Input for this task

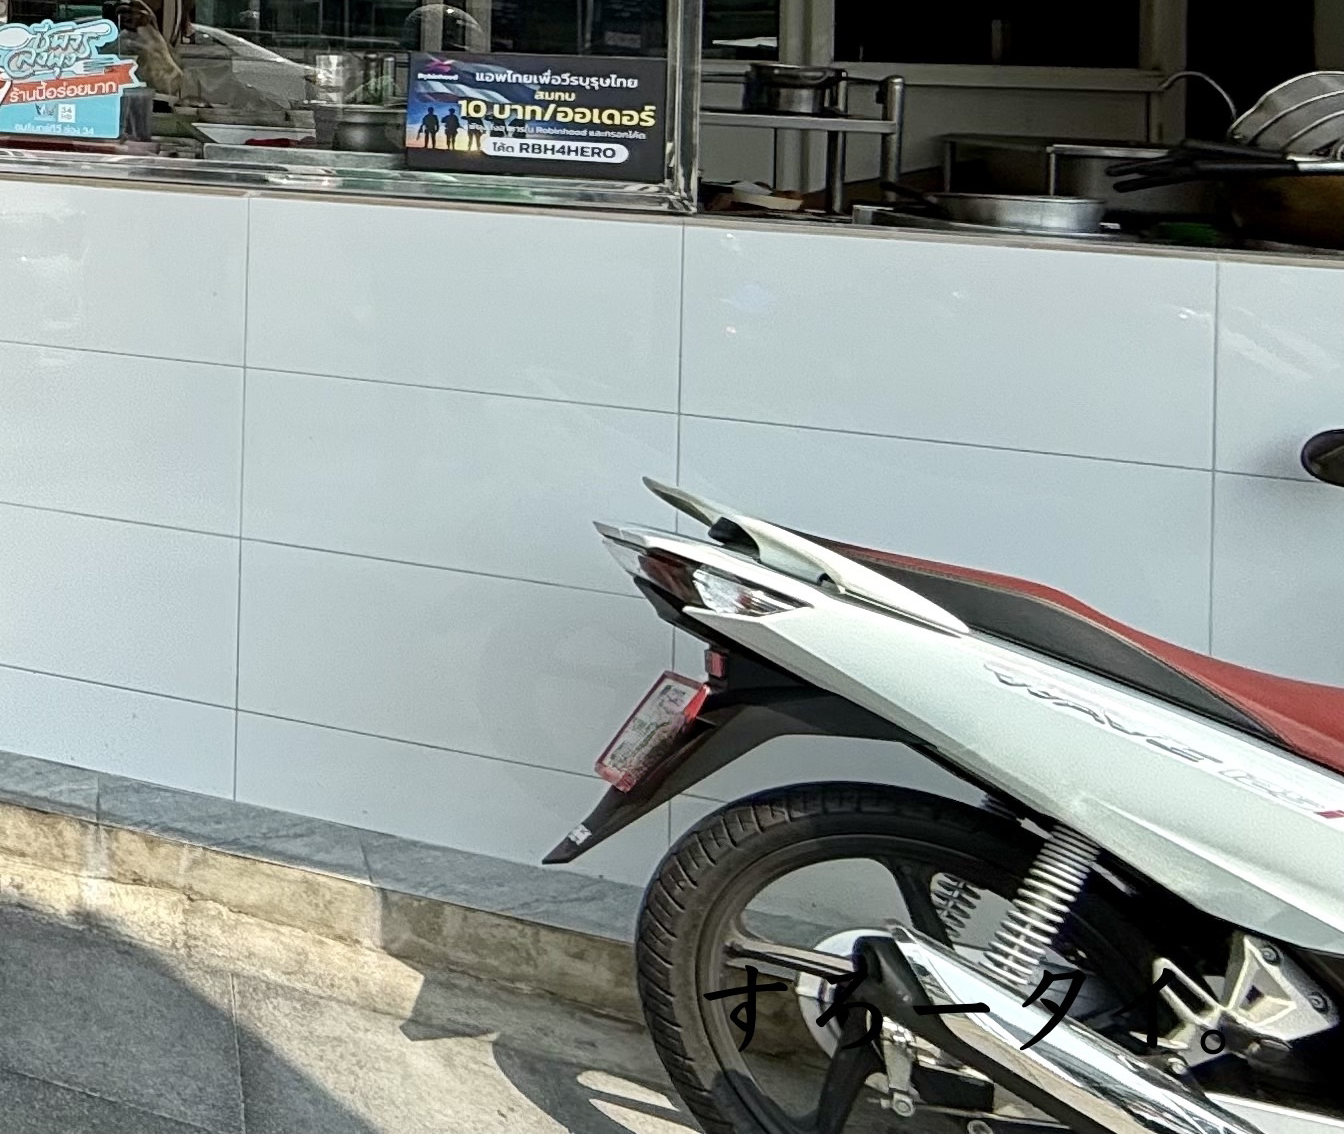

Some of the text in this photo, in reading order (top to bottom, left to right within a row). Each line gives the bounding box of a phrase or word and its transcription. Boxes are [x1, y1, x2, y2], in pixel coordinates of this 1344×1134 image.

[475, 69, 640, 91] แอพไทยเพื่อวีรบุรุษไทย
[9, 80, 117, 103] ร้านนี้อร่อยมาก
[533, 89, 576, 102] สมทบ
[457, 99, 657, 128] 10 บาท/ออเดอร์
[518, 142, 617, 159] RBH4HERO

What the exercise asks
Return every record exactly, minus the pictures.

Solution
Some of the text in this photo, in reading order (top to bottom, left to right within a row). Each line gives the bounding box of a phrase or word and its transcription. Boxes are [x1, y1, x2, y2], in pixel coordinates of this 1344×1134 image.

[475, 69, 640, 91] แอพไทยเพื่อวีรบุรุษไทย
[9, 80, 117, 103] ร้านนี้อร่อยมาก
[533, 89, 576, 102] สมทบ
[457, 99, 657, 128] 10 บาท/ออเดอร์
[518, 142, 617, 159] RBH4HERO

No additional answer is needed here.